_Input data:_
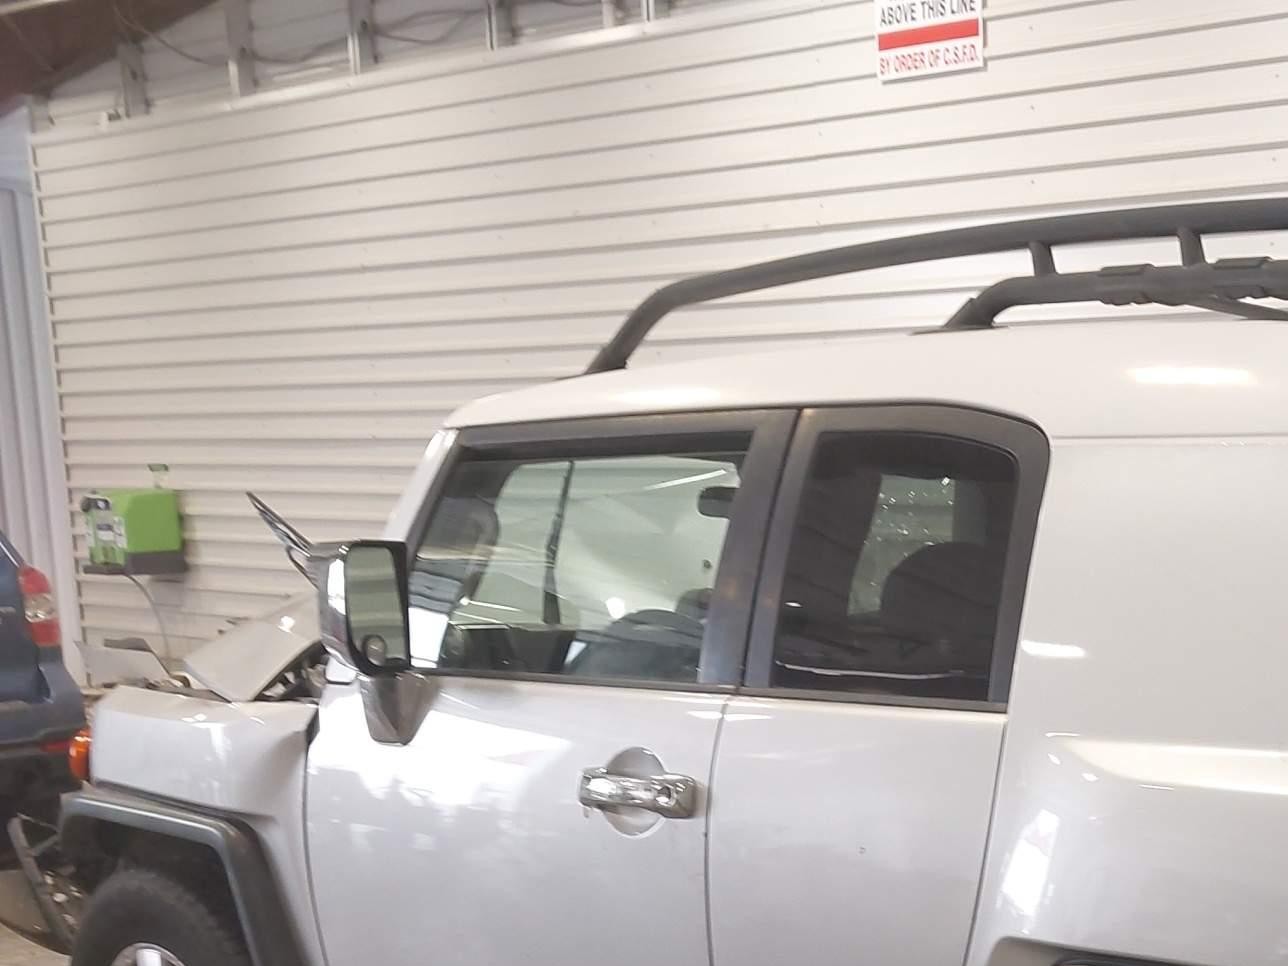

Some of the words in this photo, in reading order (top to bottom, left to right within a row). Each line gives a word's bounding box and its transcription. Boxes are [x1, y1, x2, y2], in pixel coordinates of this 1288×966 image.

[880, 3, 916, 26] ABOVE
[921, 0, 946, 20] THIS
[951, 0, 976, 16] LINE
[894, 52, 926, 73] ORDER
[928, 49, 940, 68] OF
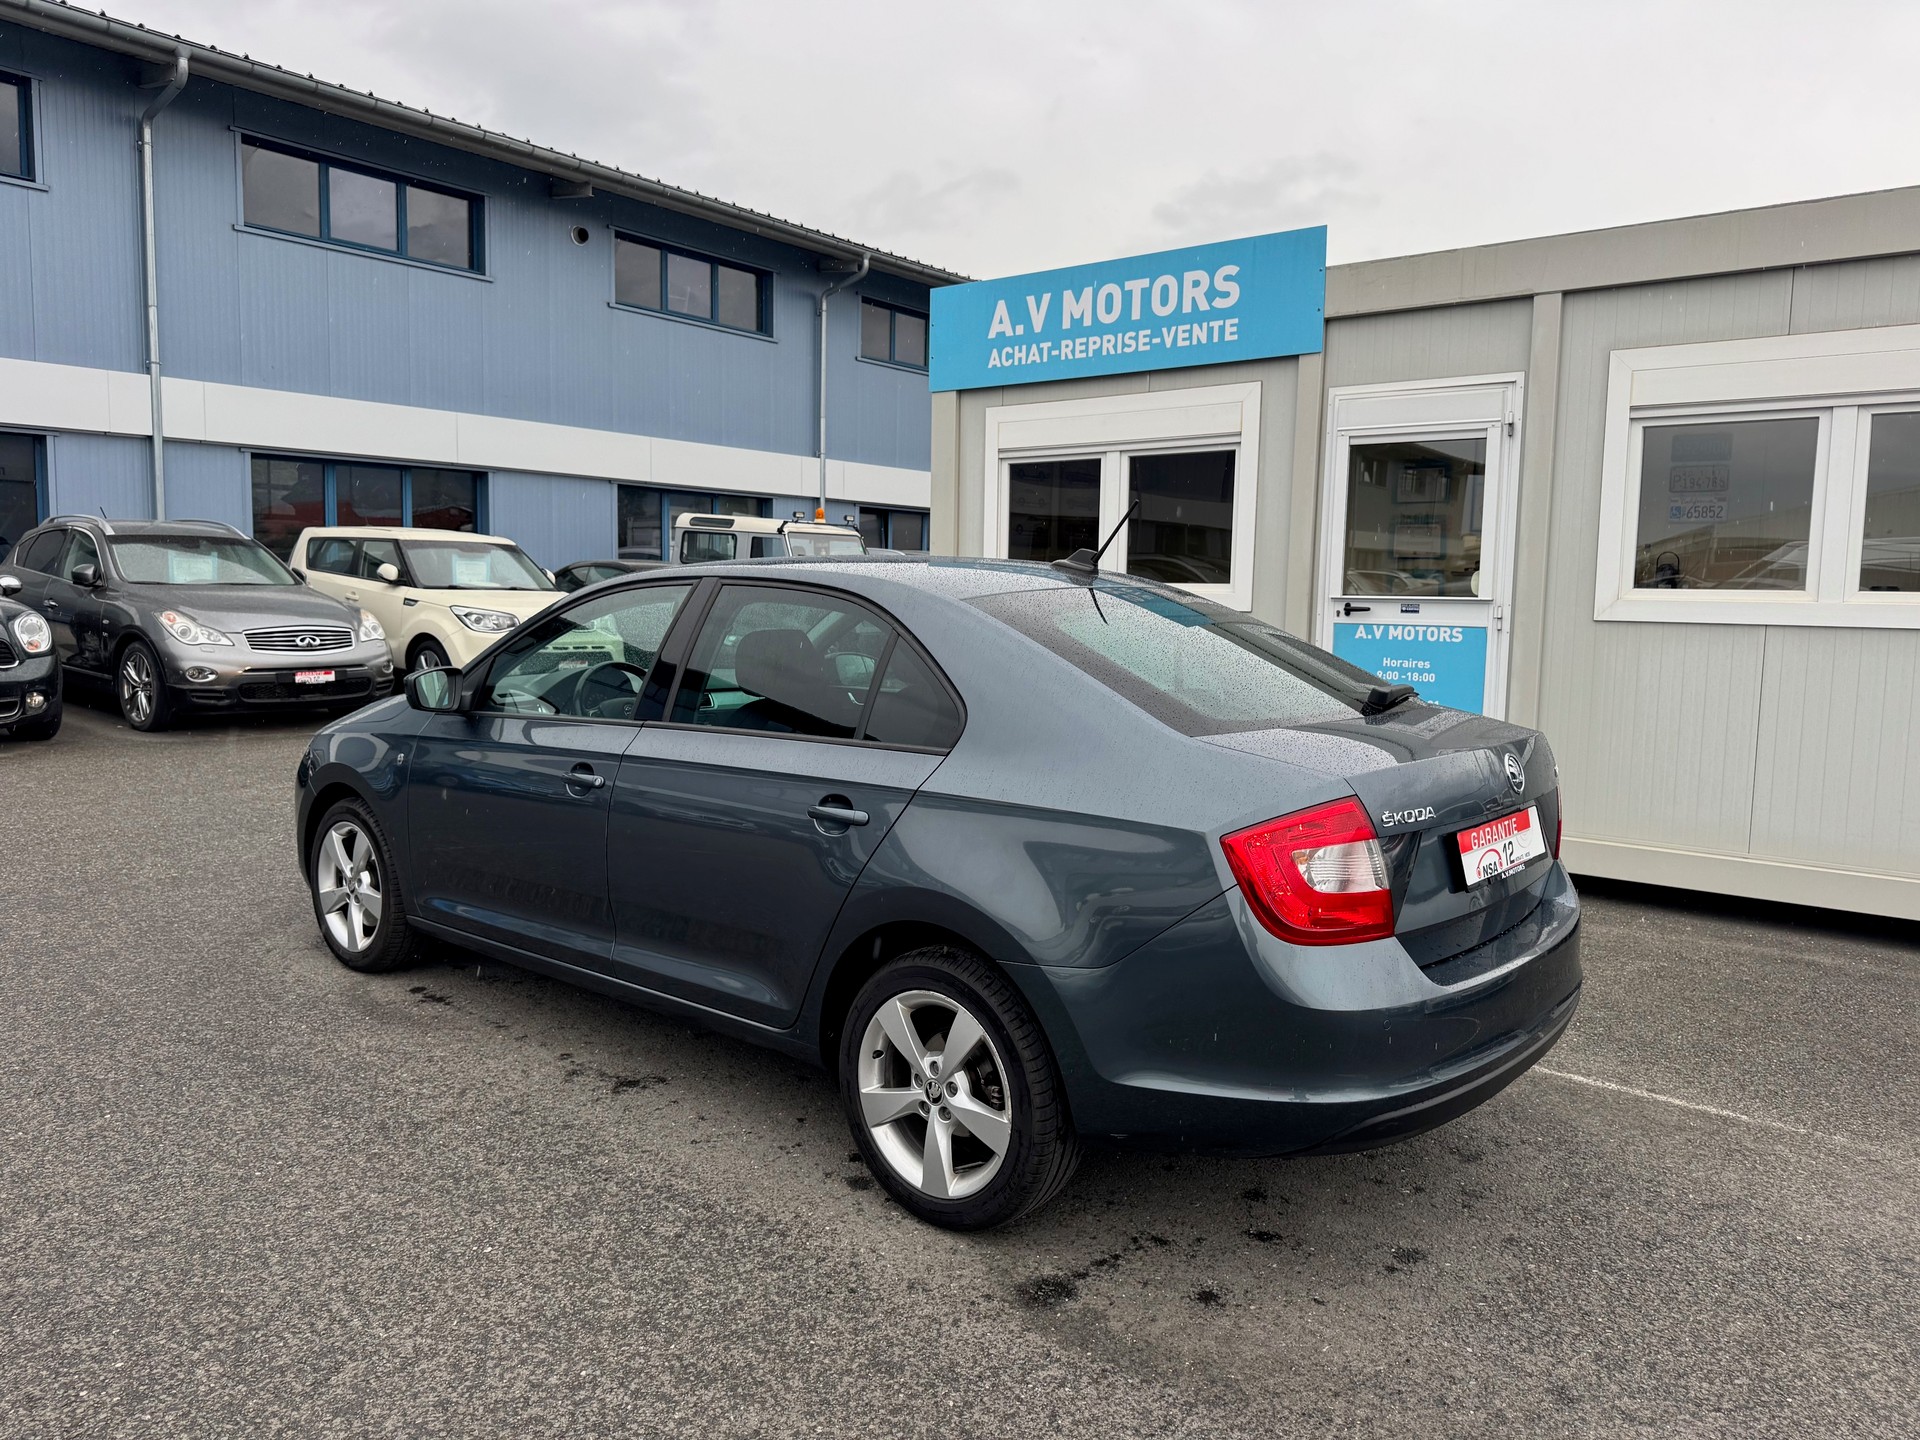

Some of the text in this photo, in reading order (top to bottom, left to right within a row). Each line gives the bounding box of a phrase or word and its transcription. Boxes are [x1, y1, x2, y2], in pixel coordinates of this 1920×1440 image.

_Exercise requirements:_ For your answer, write out the data exactly and drop every picture.

_Solved problem:_
Some of the words in this photo, in reading order (top to bottom, left to right within a row). Each line gives a word's bounding box and its transcription. Boxes are [x1, y1, x2, y2], in pixel coordinates of this 1288×966 image.

[880, 3, 916, 26] ABOVE
[921, 0, 946, 20] THIS
[951, 0, 976, 16] LINE
[894, 52, 926, 73] ORDER
[928, 49, 940, 68] OF

Some of the text in this photo, in reading order (top to bottom, left to right within a row). Each line gives the bounding box of a phrase or word and its transcription. Boxes are [x1, y1, x2, y2], in pixel coordinates of this 1920×1440 image.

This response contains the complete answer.